Gdy do afrykańskich wybrzeży dobijał europejski żaglowiec, afrykańscy handlarze już czekali ze swoim "towarem".

Grafika handlu niewolnikami

Linia czasowa niewolnictwa:

1519-1600: początki handlu niewolnikami do Ameryki przez Hiszpanię i Portugalię.
1601-1700: udział w handlu niewolnikami: Hiszpania i Portugalia 60%, Anglia 30%, Holandia 10%.
1701-1800: Anglia 50%, Portugalia 30%, Francja 15%, Holandia 5%
1801-1867: Portugalia 70%, Hiszpania 20%, Francja 10%
W przeglądzie nie uwzględniono transportu przez inne kraje europejskie, takie jak Szwecja i Dania.

niewolnicy na żaglowcu
Niewolnicy w ładowniach żaglowca, XVIII wiek.

Emigracja za ocean

Łącznie z niewolnikami z Afryki, w latach 1500-1900 ok. 70 mln ludzi, głównie Europejczyków przeprowadziło się na drugą stronę Atlantyku. Także dla większości Europejczyków przeprawa przez ocean była wyzwaniem, chociaż niewolnikami nie byli. Niewolnicy byli szczególnie w XVIII w. najważniejszym produktem eksportowym Afryki. Ten XVIII wiek przyniósł też największe szkody Afryce a tereny skąd czerpano najwięcej niewolników są do dzisiaj najbiedniejszymi regionami tego kontynentu.

"Zrekrutowani niewolnicy" w głębi afrykańskiego lądu musieli przejść olbrzymie odległości nad ocean, często tygodniami bez jedzenia i picia, co czyniło ich umieralność znacznie wyższą niż później na żaglowcu przeprawiającym się przez Atlantyk. Dla przykładu szacuje się, na ile źródła mogą być wiarygodne, że w Arabskim handlu ok. 28 mln. niewolników, umieralność osiągała 80 procent.

Schemat lokacji niewolników pod pokładem
Schemat lokacji niewolników pod pokładem żaglowca.

Czy Afrykańczycy wiedzieli co ich czeka za oceanem?
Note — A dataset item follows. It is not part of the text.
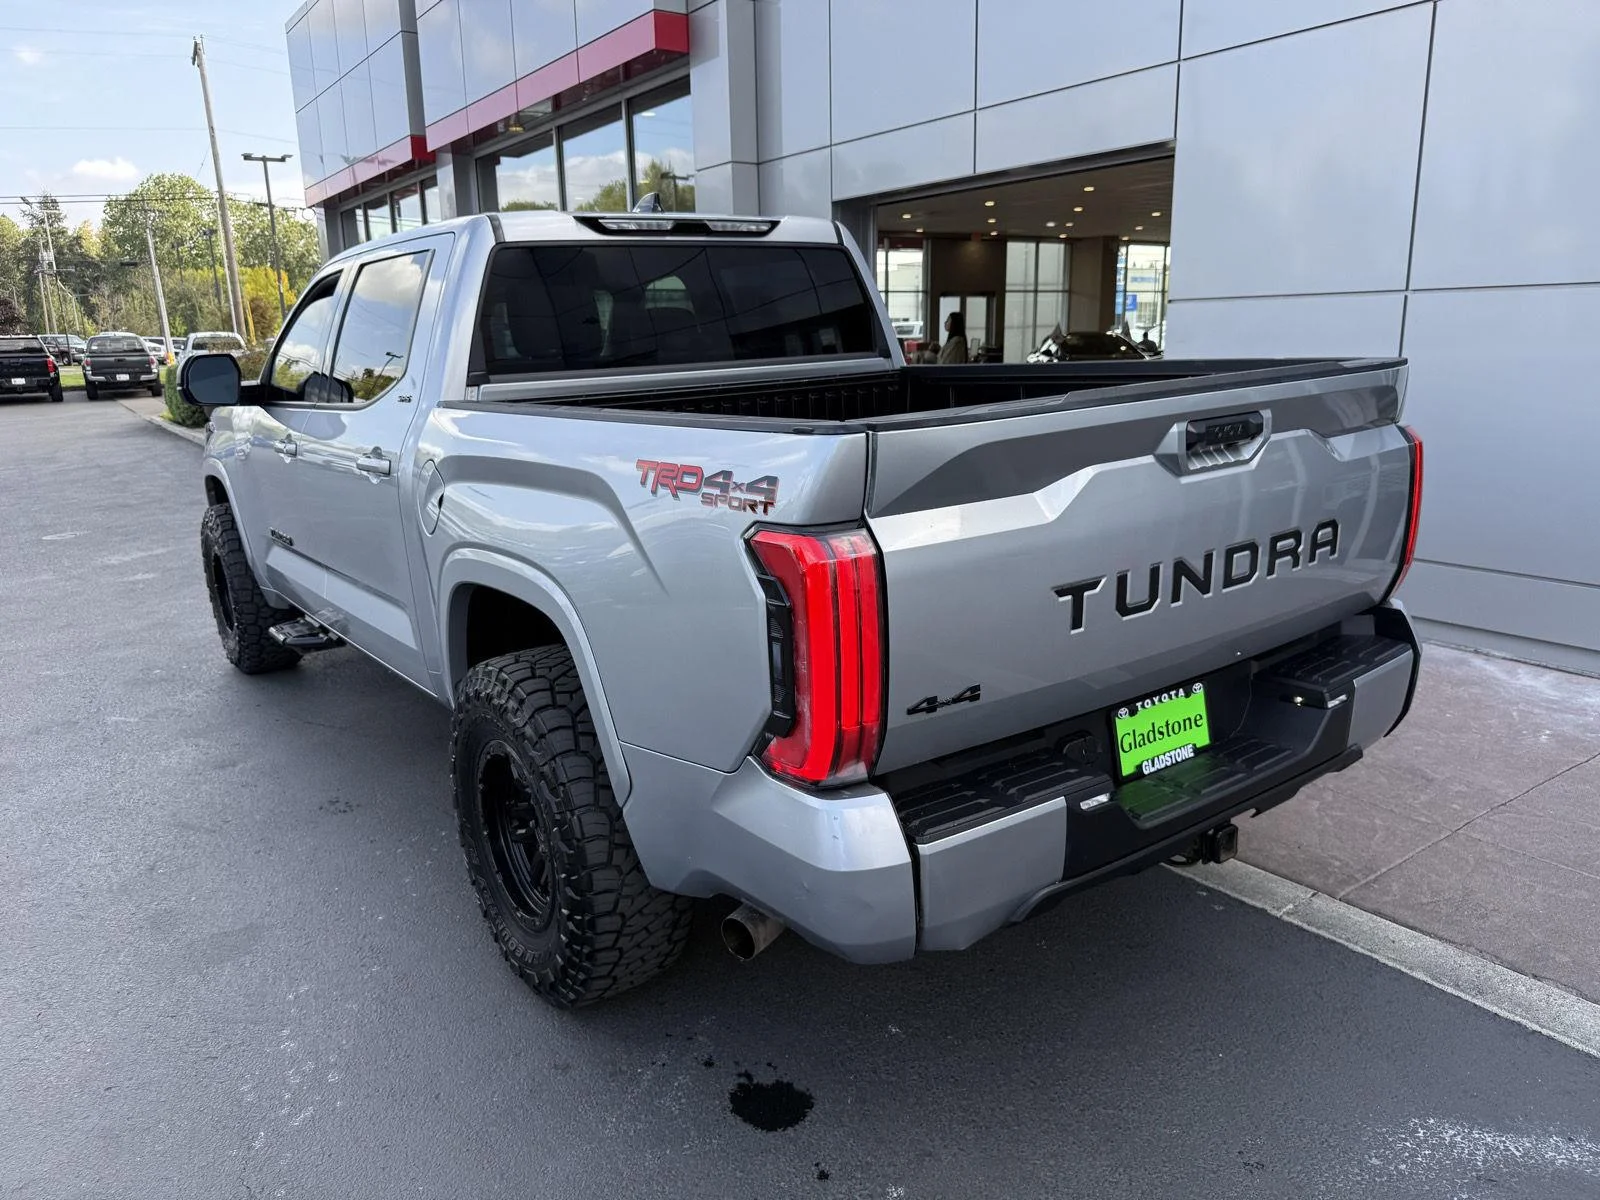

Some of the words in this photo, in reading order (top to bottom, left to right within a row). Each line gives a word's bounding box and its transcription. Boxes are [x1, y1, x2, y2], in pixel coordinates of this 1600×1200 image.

Źródła z tych czasów są skąpe. Szczególnie źródła afrykańskie. Transporty murzynów do Ameryki można przyrównać do transportów Żydów w czasie IIWŚ do Auschwitz. Kto o tym wiedział? Czy w ogóle ktoś zdawał sobie sprawę z konsekwencji? Byli, co prawda, niektórzy afrykańscy władcy oraz marynarze w Ameryce, ale co widzieli i co byli w stanie przekazać po powrocie w rodzimym kraju, tego nie wiemy. Sami zniewoleni Afrykanie na żaglowcach nie mieli pojęcia co ich czeka. Prędzej wierzyli, że w Nowym Świecie zostaną rytualnie zamordowani, czemu biała załoga - w obawie o bunt - za wszelką cenę zaprzeczała, obiecując im, że tam będą tylko pracować. Armatorowi zależało w końcu aby jak najwięcej zdrowych niewolników dostarczyć do Ameryki.

ilustracja niewolnictwa
"Kara murzyńskich niewolników" w Surinamie.

Amsterdamski profit

W roku 2021 minęło 400 lat od momentu gdy w Indonezji holenderska kompania VOC założyła pierwszą kolonię której fundamentem było niewolnictwo. Z najnowszych badań wynika, że przez 300 lat miasto Amsterdam czerpał korzyści z światowego handlu niewolnikami. Zarząd miasta i jego burmistrzowie zasiadali w zarządzie kolonii Surinam która była w dużej części własnością Amsterdamu. Burmistrzowie miasta byli także członkami zarządu ponadnarodowych kompanii VOC i WIC inwestującymi w niewolniczy handel (szybko rosły plantacje cukru, kawy i tytoniu). 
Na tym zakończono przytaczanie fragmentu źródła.